O apartheid social brasileiro, cada vez mais cruel e desumano, conseguiu privar as camadas mais pobres da população até mesmo da frequência aos estádios de futebol, um esporte essencialmente popular. Em nome de um maior conforto, e da adaptação ao chamado "padrão Fifa", os estádios brasileiros encolheram. Hoje, nenhum estádio brasileiro é capaz de comportar a presença de 100 mil pessoas ou mais. Os setores populares, por conseguinte, foram eliminados. Nos estádios recentemente construídos, e nos antigos que foram reformados para a Copa do Mundo de 2014, todos os assentos são numerados e, obviamente, o preço do ingresso ficou fora do alcance dos mais pobres. Até mesmo clubes marcadamente populares como Flamengo e Corinthians cobram um valor médio de ingresso que afasta as pessoas de menor poder aquisitivo da possibilidade de irem aos jogos. O Corinthians, como medida paliativa, tem promovido, esporadicamente, a realização de treinos abertos, com acesso franqueado ao torcedor. Hoje, num desses treinos, o Itaquerão recebeu um público de 38 mil pessoas. São torcedores que gostariam de ir aos jogos, mas não conseguem devido ao alto preço dos ingressos. Os estádios, que antes eram um espaço democrático,  abrigando pessoas de diferentes segmentos da população, hoje tornaram-se restritos e elitizados. Povo só nos treinos, parece ser o slogan dos administradores do futebol na atualidade. Ser pobre, no Brasil, não é, apenas, uma condição socioeconômica. Antes de tudo, é um estigma, pois todas as portas são fechadas aos menos aquinhoados financeiramente num país que, a cada dia, se mostra mais envolto pela demofobia.

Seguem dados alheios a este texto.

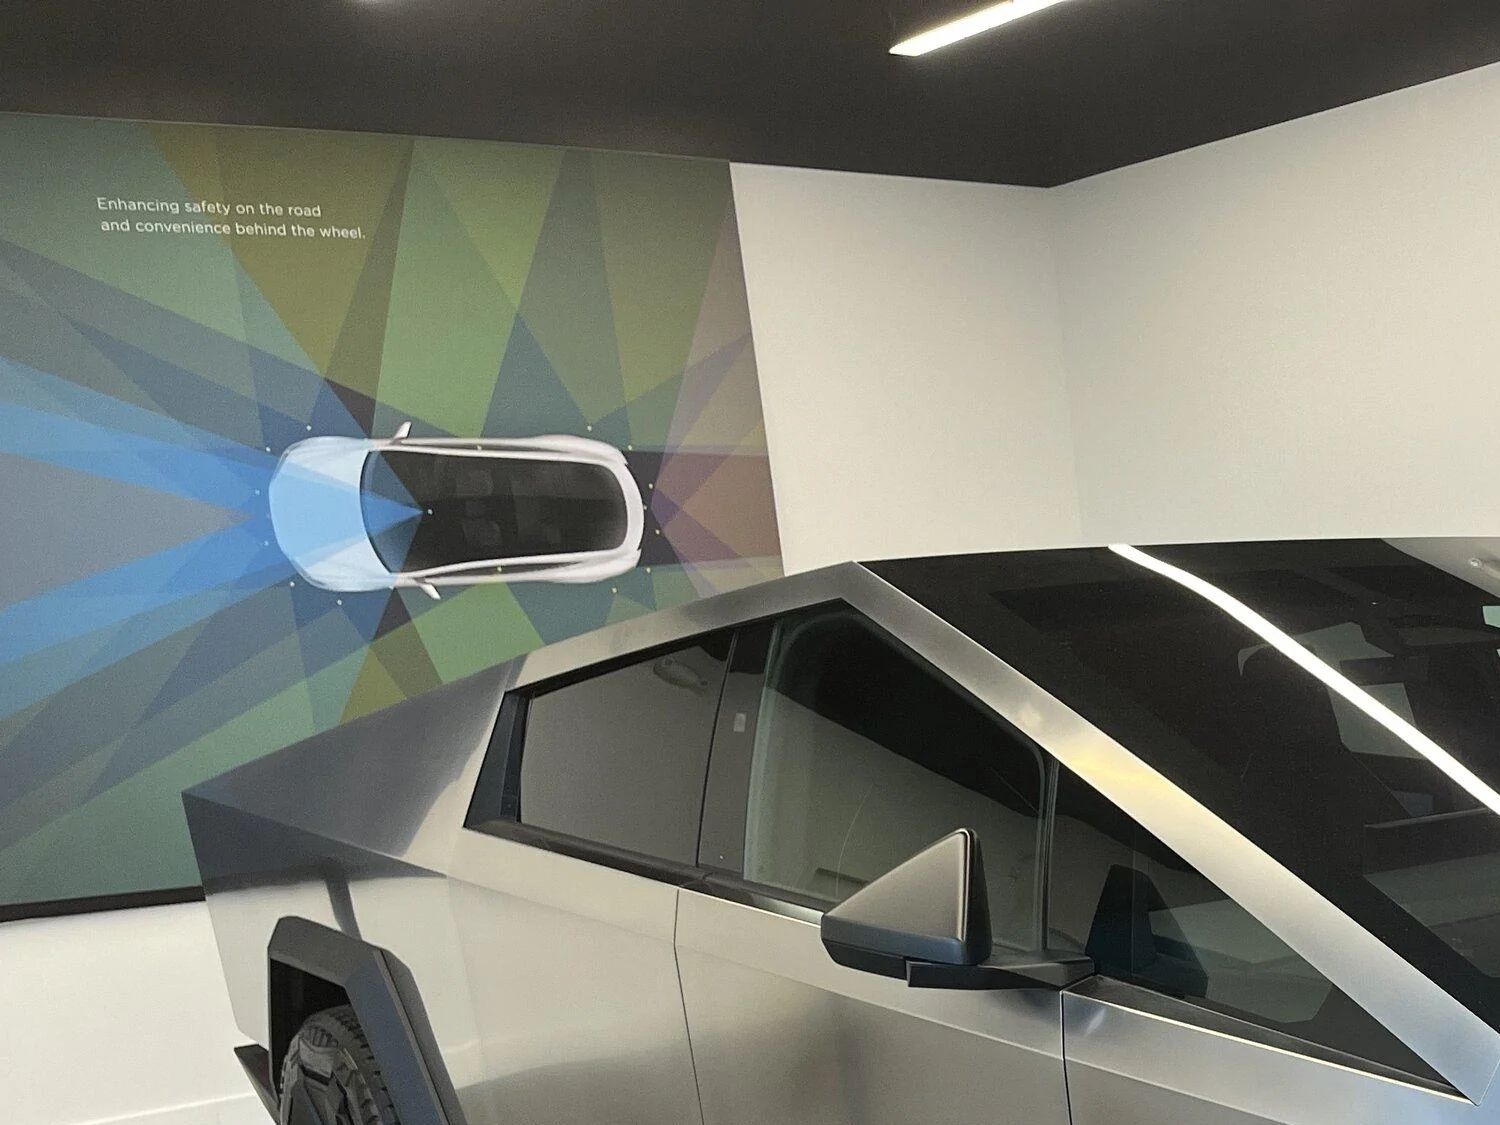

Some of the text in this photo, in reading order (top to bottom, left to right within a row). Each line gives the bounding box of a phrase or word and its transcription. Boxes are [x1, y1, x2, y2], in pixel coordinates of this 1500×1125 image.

[97, 197, 322, 218] Enhancing safety on the road
[100, 219, 366, 240] and convenience behind the wheel.
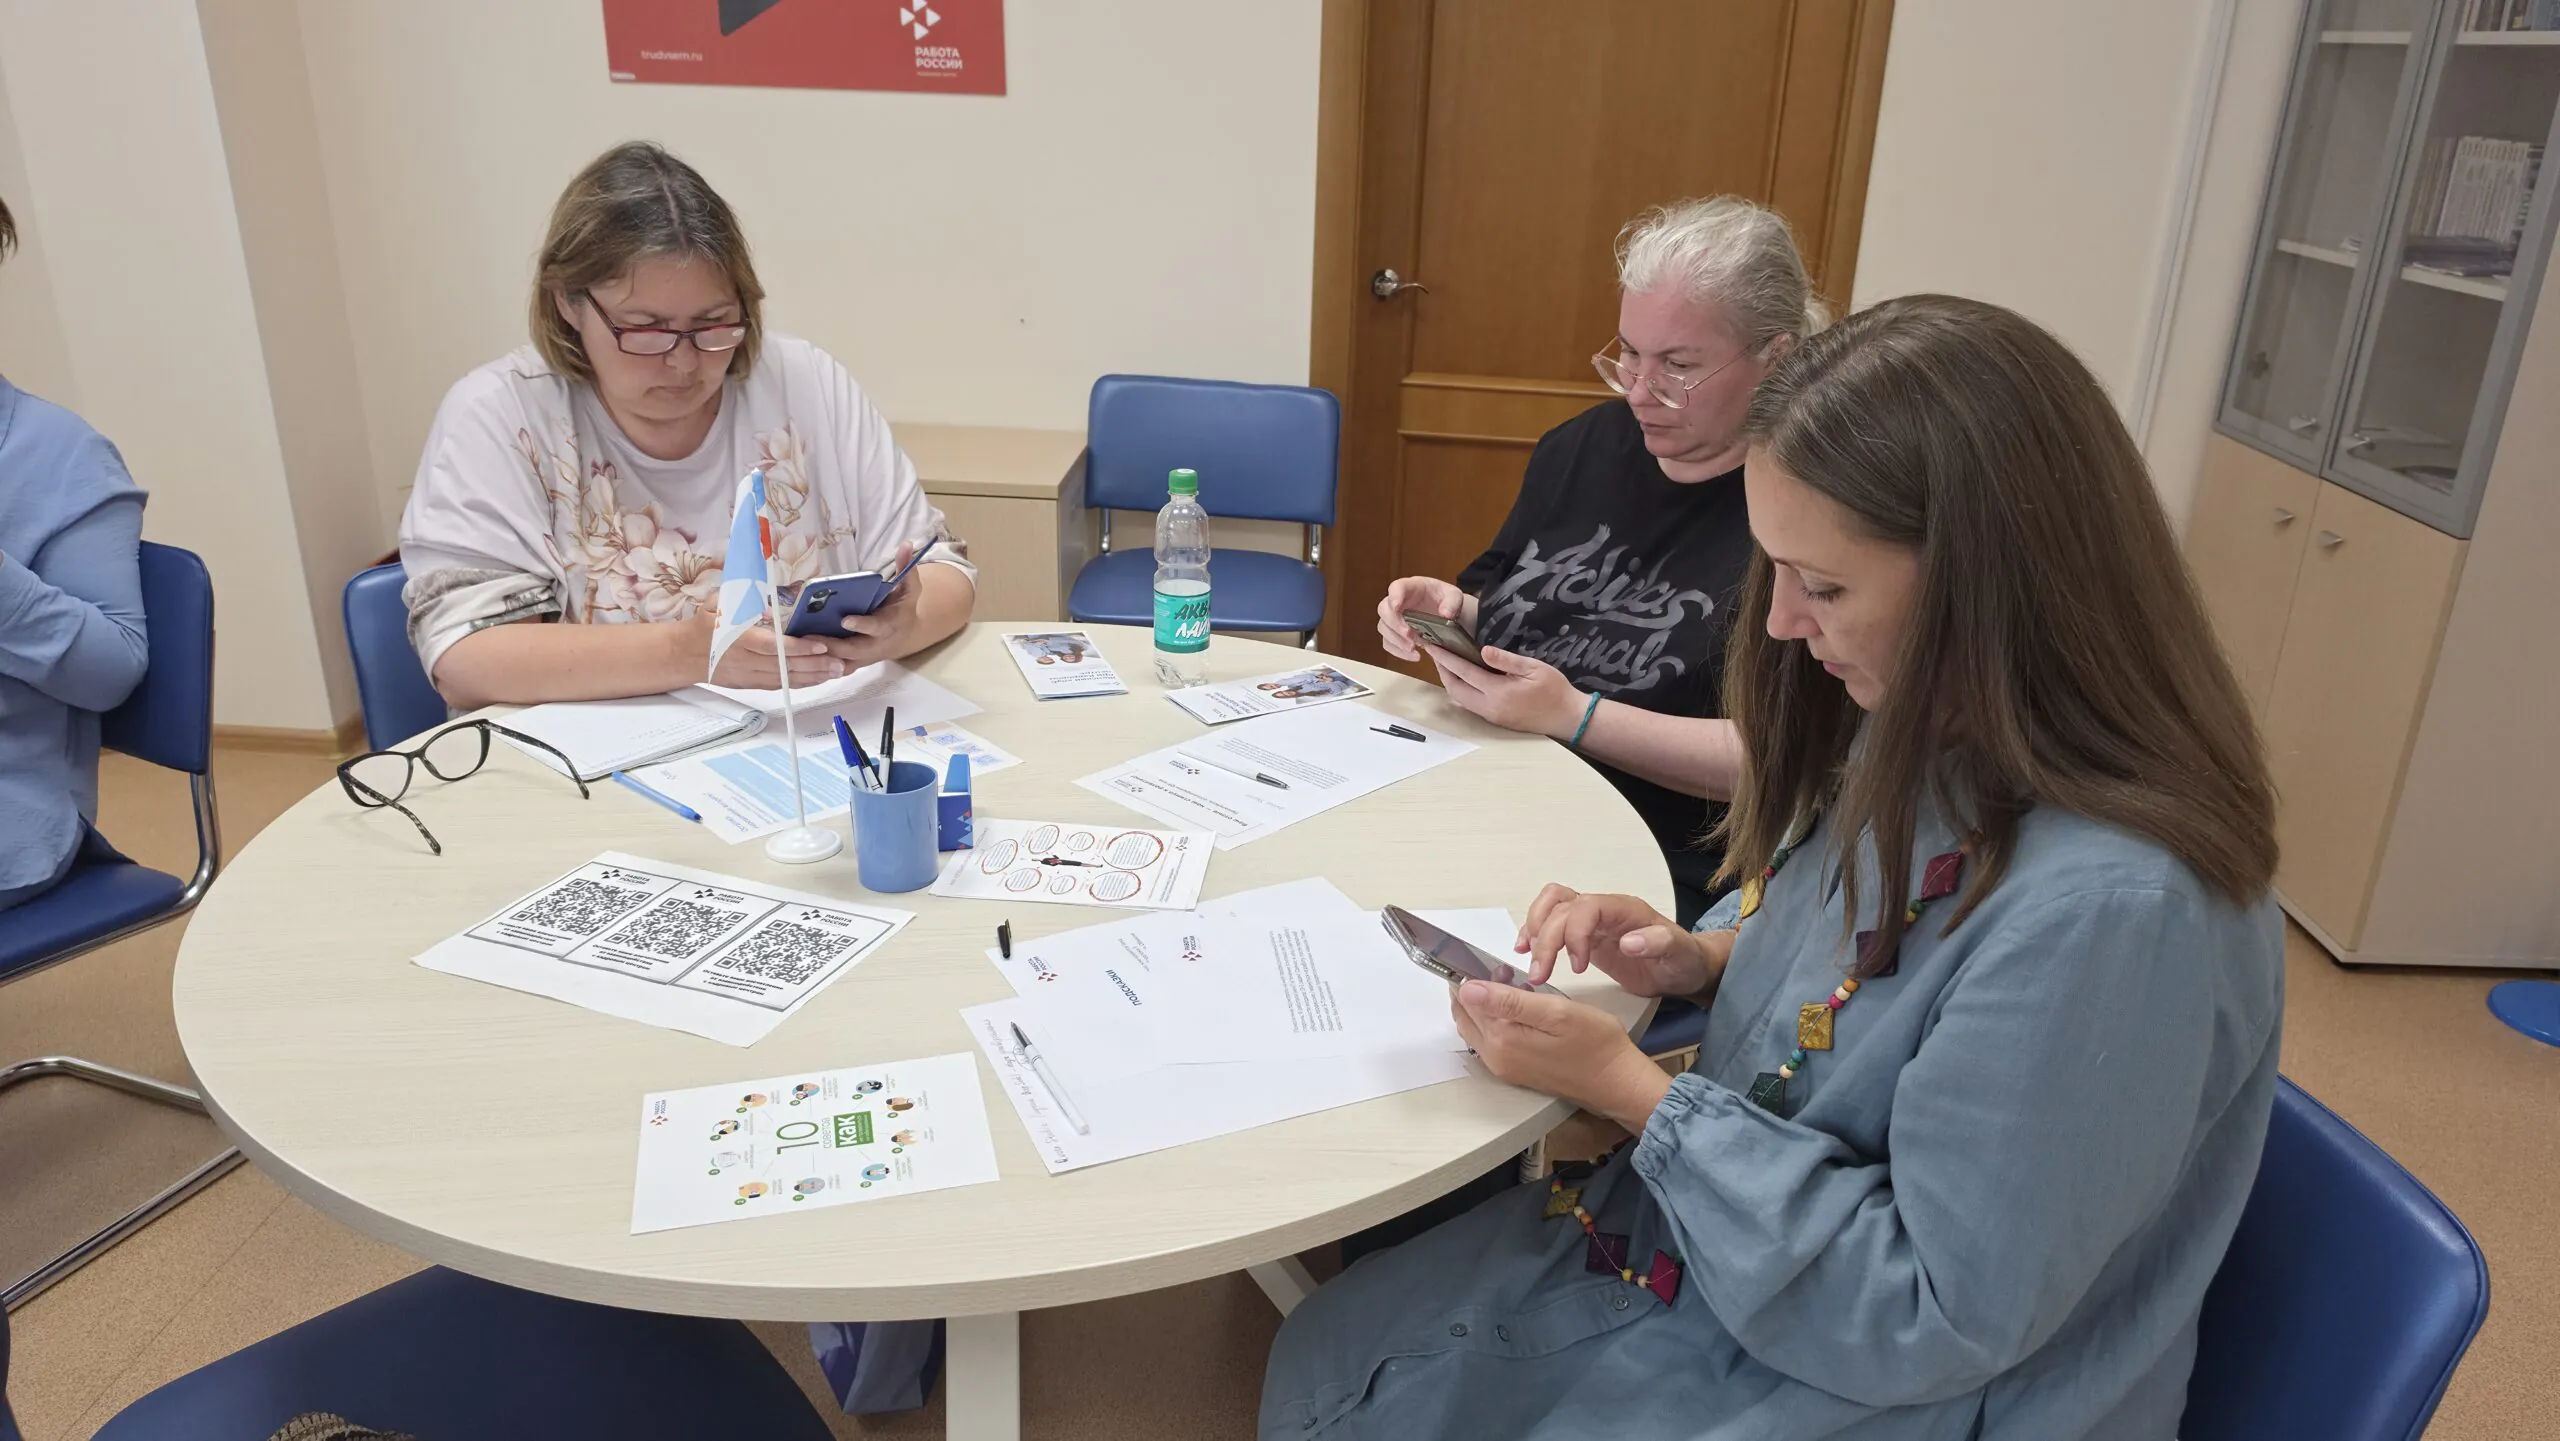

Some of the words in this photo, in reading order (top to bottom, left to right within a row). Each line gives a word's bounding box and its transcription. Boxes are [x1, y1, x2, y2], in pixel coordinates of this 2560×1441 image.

[914, 46, 961, 58] РАБОТА
[915, 58, 963, 70] РОССИИ
[1105, 969, 1143, 1007] ПОДСКАЗКИ
[776, 1121, 819, 1155] 10
[821, 1117, 832, 1149] советов
[838, 1115, 857, 1145] как
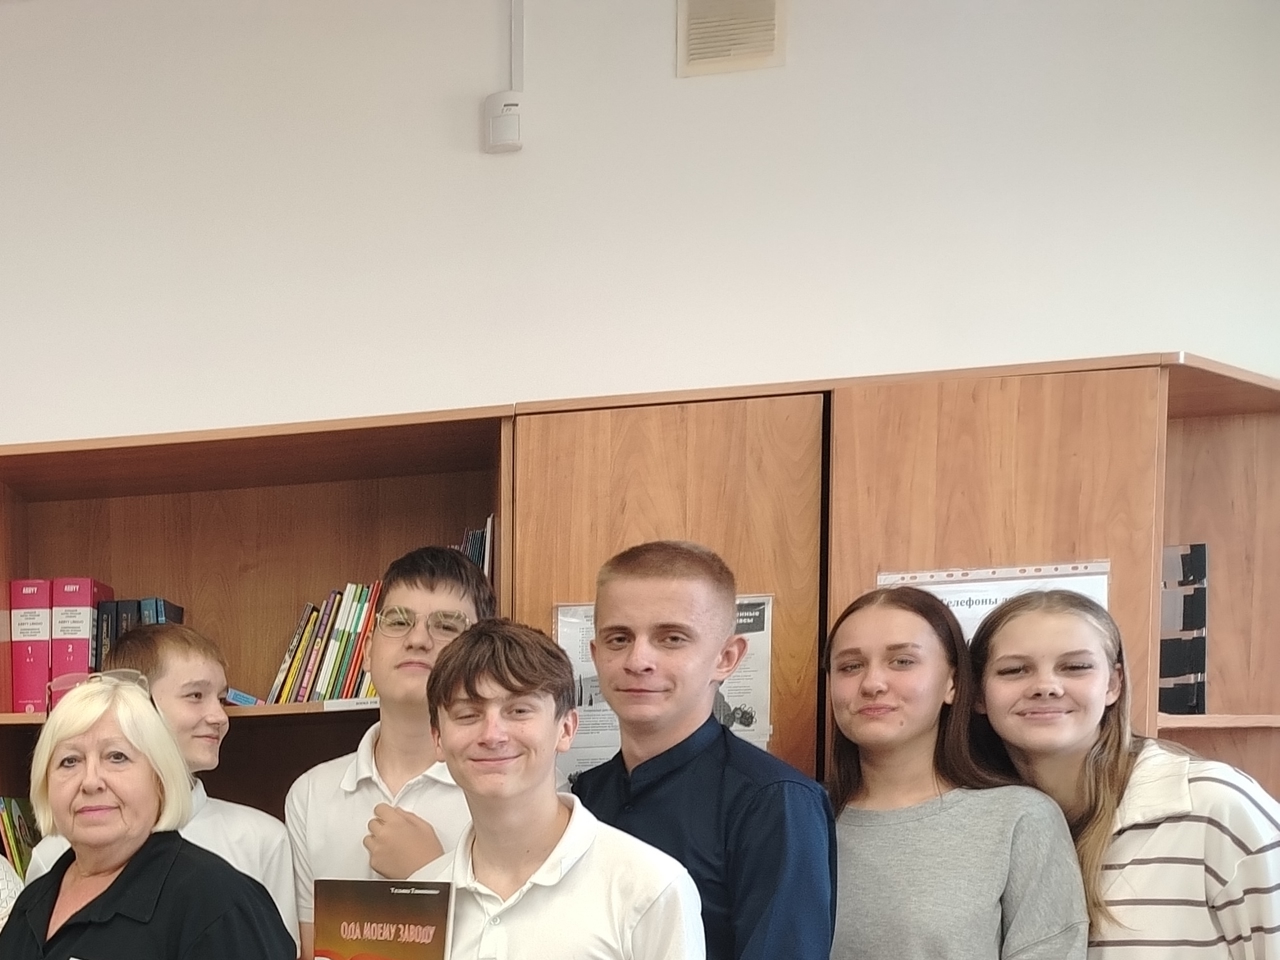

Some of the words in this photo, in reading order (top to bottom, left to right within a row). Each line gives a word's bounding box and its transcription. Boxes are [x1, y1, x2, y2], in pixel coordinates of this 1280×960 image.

[67, 644, 73, 653] 2
[340, 921, 361, 941] ОДА
[363, 921, 397, 941] МОЕМУ
[397, 923, 437, 944] ЗАВОДУ
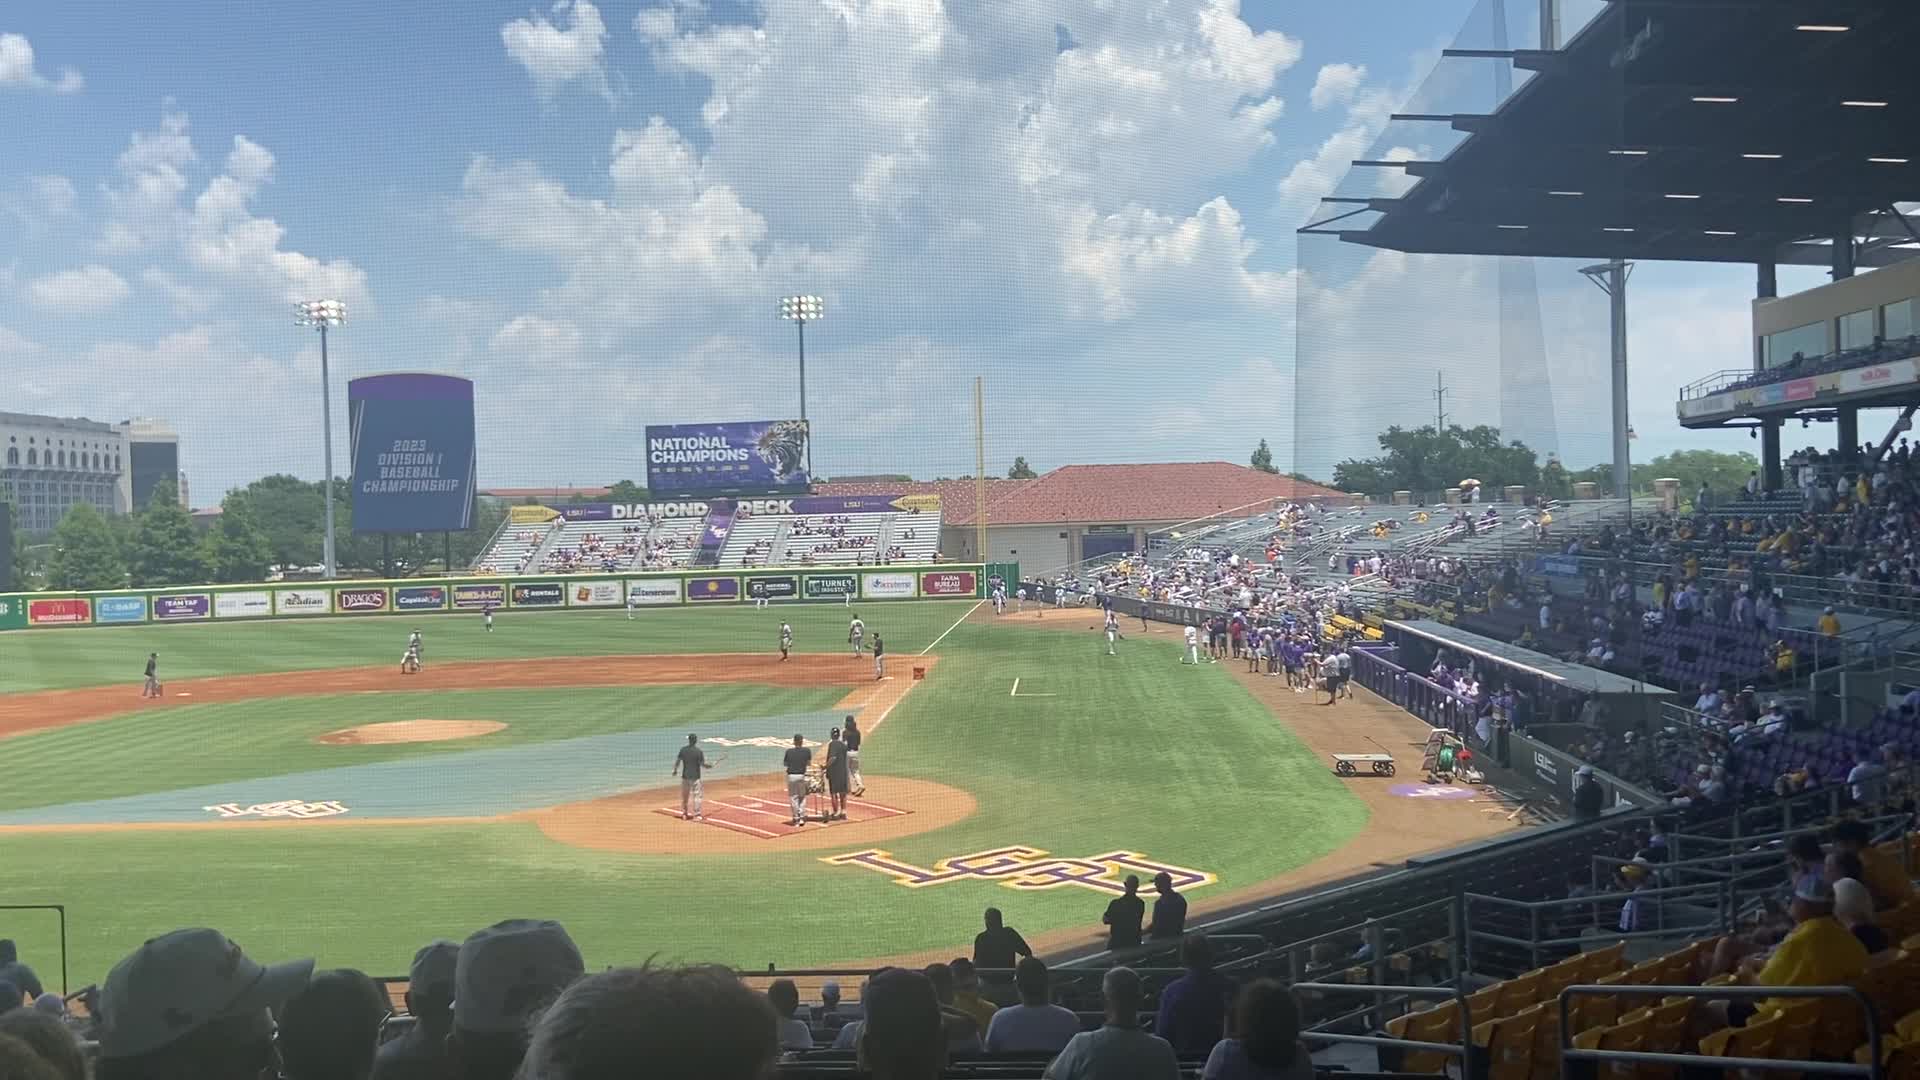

segunda-feira, 24 de setembro de 2018

O crescimento de Haddad

A pesquisa do Ibope sobre as intenções de voto para a eleição presidencial, divulgada hoje, mostra um fato de grande destaque. A subida nos índices do candidato do PT, Fernando Haddad, é vertiginosa. O crescimento de Haddad é constante, seus números aumentam a cada nova pesquisa. Porém, no levantamento que veio a público hoje, Haddad alcançou um desempenho fulgurante. Haddad já está com 22% das intenções de voto, contra 28% do primeiro colocado, Jair Bolsonaro (PSL), que estagnou em relação à pesquisa anterior, e o dobro da preferência comparativamente a Ciro Gomes (PDT), que caiu para 11%. Marina Silva (Rede) parece definitivamente fora da disputa, pois seu índice despencou para 5%. Na projeção de segundo turno, Haddad já abriu 9 pontos sobre Bolsonaro, 46% a 37%. A transferência de votos do ex-presidente Luís Inácio Lula da Silva para Haddad está se confirmando. Mais uma vez, a esperança está vencendo o medo. O Brasil não ficará entregue à boçalidade de Bolsonaro. O bom senso acabará prevalecendo. A tendência pró-Haddad aumenta de forma constante. O discurso sereno de Haddad está ganhando terreno contra as declarações exaltadas de Bolsonaro. O eleitor não quer um aventureiro como presidente, mas um administrador experiente e de competência comprovada. Haddad preenche esses requisitos.